FIGURE 7. Dissection case-study on the haze-forming thaumatin-like protein, 4jru. (A) Dissection output from Proçodic of the haze-forming thaumatin-like protein in white wines from Vitis vinifera (4jru). (B) Superposition of this haze-forming protein and the pathogenesis-related PR-5d protein of tobacco (Nicotiana tabacum; 1aun). 4jru is shown in blue; 1aun is shown in red. This superposition was based on the structural alignment produced by MMLigner (Collier et al., 2017), which is shown in (C).

Concept c_1442 is of less functional interest as it defines a common β-hairpin unit consisting of two antiparallel β-strands. On the other hand, c_0111 contains 12 strands that assemble to form mainly two face-to-face packed antiparallel β-sheets with an extended β-ribbon connected by an Ω-loop (Leszczynski and Rose, 1986). This multistranded motif is characteristic of thaumatin-like proteins (Ogata et al., 1992). Examining the usages of this concept within the PDB via our Proçodic web site, we find it is used at 15 other loci, most of them thaumatin/osmatin-like proteins, with their top two keywords displaying “antifungal protein (53.3%)” and “plant protein (46.7%),” respectively. Figures 7B,C show the structural alignment of 4jru with the usage in the pathogenesis-related PR-5D protein of tobacco (Nicotiana tabacum; 1aun with 208 residues) that results in a superposition with 1.47 Å root-mean-square deviation over 201 amino-acid residues between the Cα coordinates of the two structures. This specific PR-5D protein is classified functionally as an antifungal protein, and, in general, proteins of this class have known pathogenesis-related antifungal activity. This suggests that the haze-forming protein might exhibit the same biological function.

In some cases, the information provided by this dictionary can lead to a reliable but less-specific functional classification prediction, for example putatively identifying a general type of function such as “oxidoreductase” or “lyase.” Such generic functional classification can be useful, as it may provide guidance for laboratory experiments aimed at defining the function more precisely, especially if clues about a ligand-binding site are available. For example, consider the crystal structure of dihydrodipicolinate synthase (DapA) from Agrobacterium tumefaciens (2hmc). The dissection of this DapA structure shows the usage of concept c_0008 covering its entire chain A. About 90% of c_0008’s 118 usages show the functional classification as “lyase.” DapA belong to the family of amine-lyases that catalyze the cleaving of carbon–nitrogen bonds, playing an important role in lysine biosynthesis in prokaryotes, phycomycetes, and plants (Mirwaldt et al., 1995).

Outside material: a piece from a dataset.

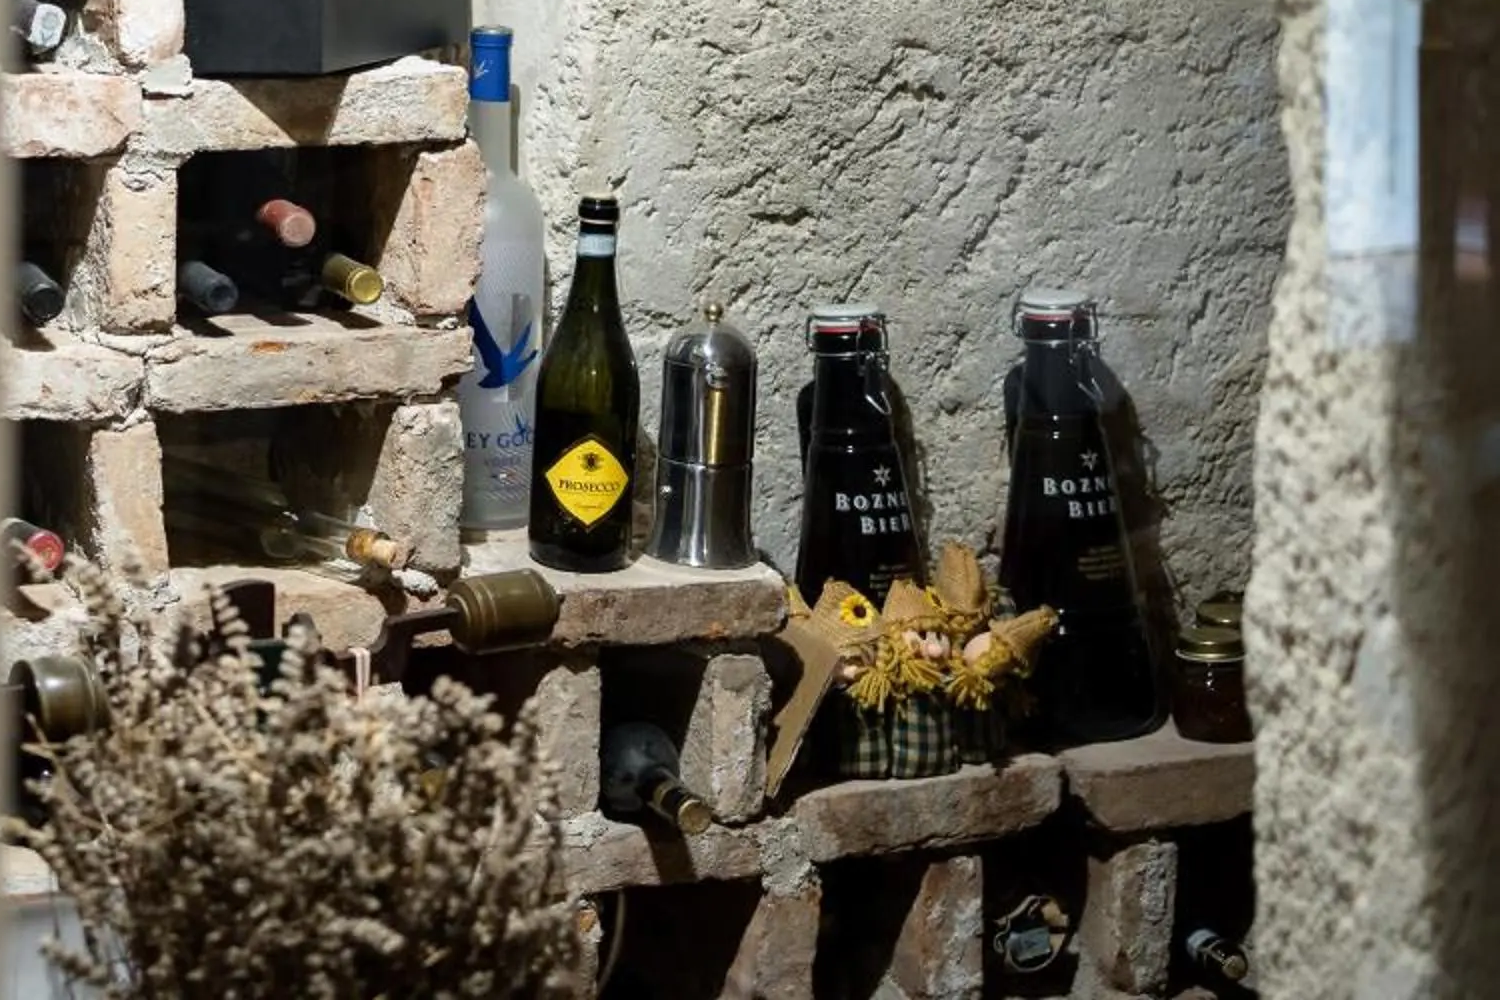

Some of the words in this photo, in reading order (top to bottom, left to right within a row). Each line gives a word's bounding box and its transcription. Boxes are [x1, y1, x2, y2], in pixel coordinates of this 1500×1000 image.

[467, 432, 491, 449] EY
[558, 479, 621, 493] PROSECCO
[1043, 475, 1115, 495] BOZN

3.3 Local Sequence–Structure Correlation Within Concept Usages

The identification of structural features that have strong amino-acid sequence preferences is central to structure prediction (Bystroff and Baker, 1998). Therefore, we studied the concept usages within the PDB to explore the conformational preferences of local sequences. To achieve this, for each concept, the amino-acid sequences in the regions of concept usages within the PDB were extracted, and the sequences in each set were aligned and clustered (Sievers and Higgins, 2014).

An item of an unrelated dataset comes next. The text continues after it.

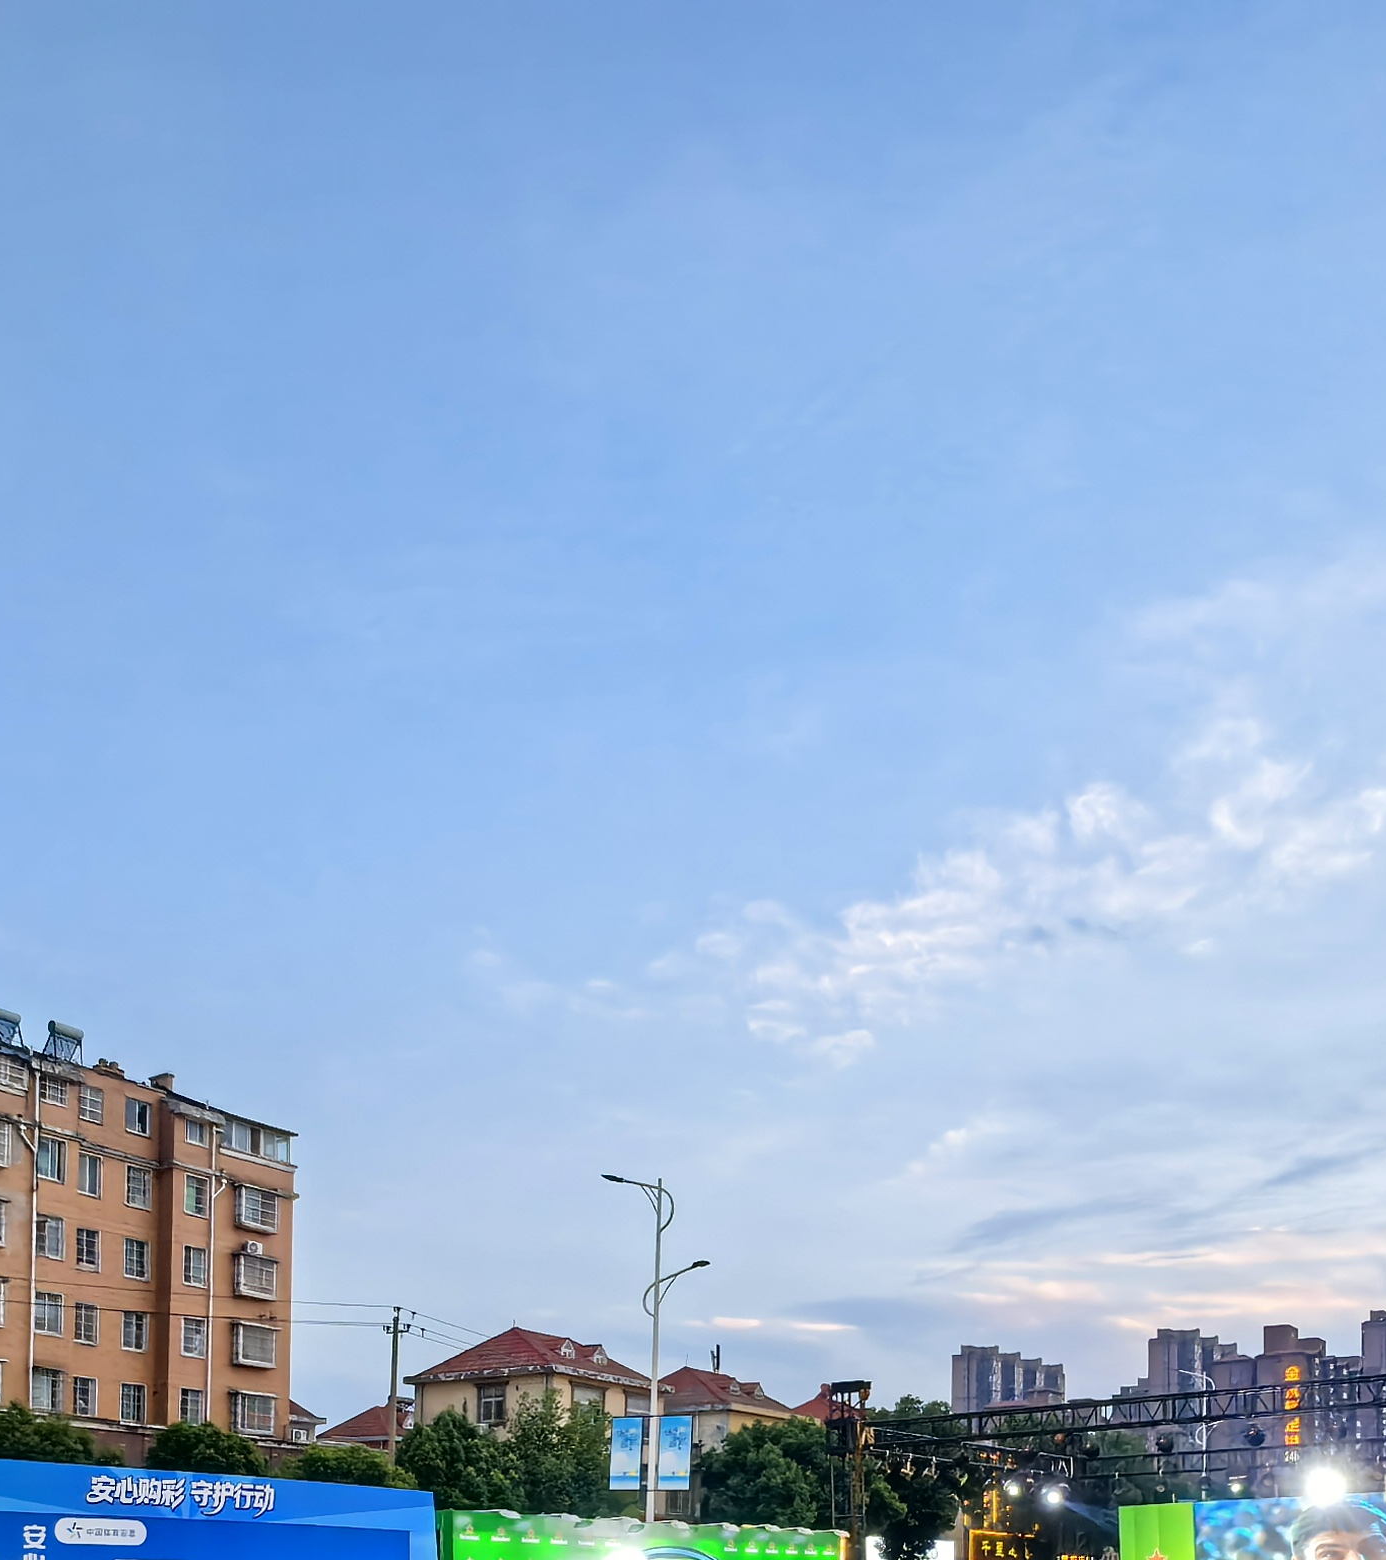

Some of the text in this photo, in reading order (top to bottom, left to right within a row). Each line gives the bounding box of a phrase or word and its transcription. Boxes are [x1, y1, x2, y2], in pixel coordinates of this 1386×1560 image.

[86, 1475, 275, 1518] 安心购彩 守护行动

Almost 20% of the concepts in our dictionary (288 out of 1,493) have associated amino-acid sequence patterns that cluster into a single group (Supplementary Figure S4A). When considering the (normalized) ratio of clusters over the number of nonidentical amino-acid sequences of concept usages (Supplementary Figure S4B), almost 30% of the concepts (441) have a ratio smaller than 0.05, whereas almost 50% (738) have a ratio between 0.05 and 0.1. Together, this indicates that for almost 80% of the concepts in our dictionary, their usages of amino-acid sequences cluster into a small number of groups (<10% of their total unique amino-acid sequences).

This strong sequence dependence is expected, particularly for concepts linked to ligand binding or other functional units. For example, Figure 8 shows the sequence logo obtained from the multiple sequence alignment of the usage sequences of the concept c_0397. This concept is related to the Cu-Zn type I (SODI) superoxide dismutase, which has a βbarrel-like subunit with copper and zinc ions bound at the active site. This is common in many Gram-negative bacterial pathogens (amongst others) to counteract a burst of toxic superoxide radicals under oxidative stress (Forest et al., 2000).


FIGURE 8. Sequence consensus across the usages of concept c_0397. amino-acid sequence logo (in two parts: columns 1-55 and 56-111) showing the sequence consensus across the usages of a randomly chosen concept c_0397 directly related to the Cu-Zn binding superoxide dismutase. Of the 111 columns in the multiple sequence alignment (of the c_0397’s 33 usage sequences) corresponding to this logo, 46 aligned columns show a consensus of 100%.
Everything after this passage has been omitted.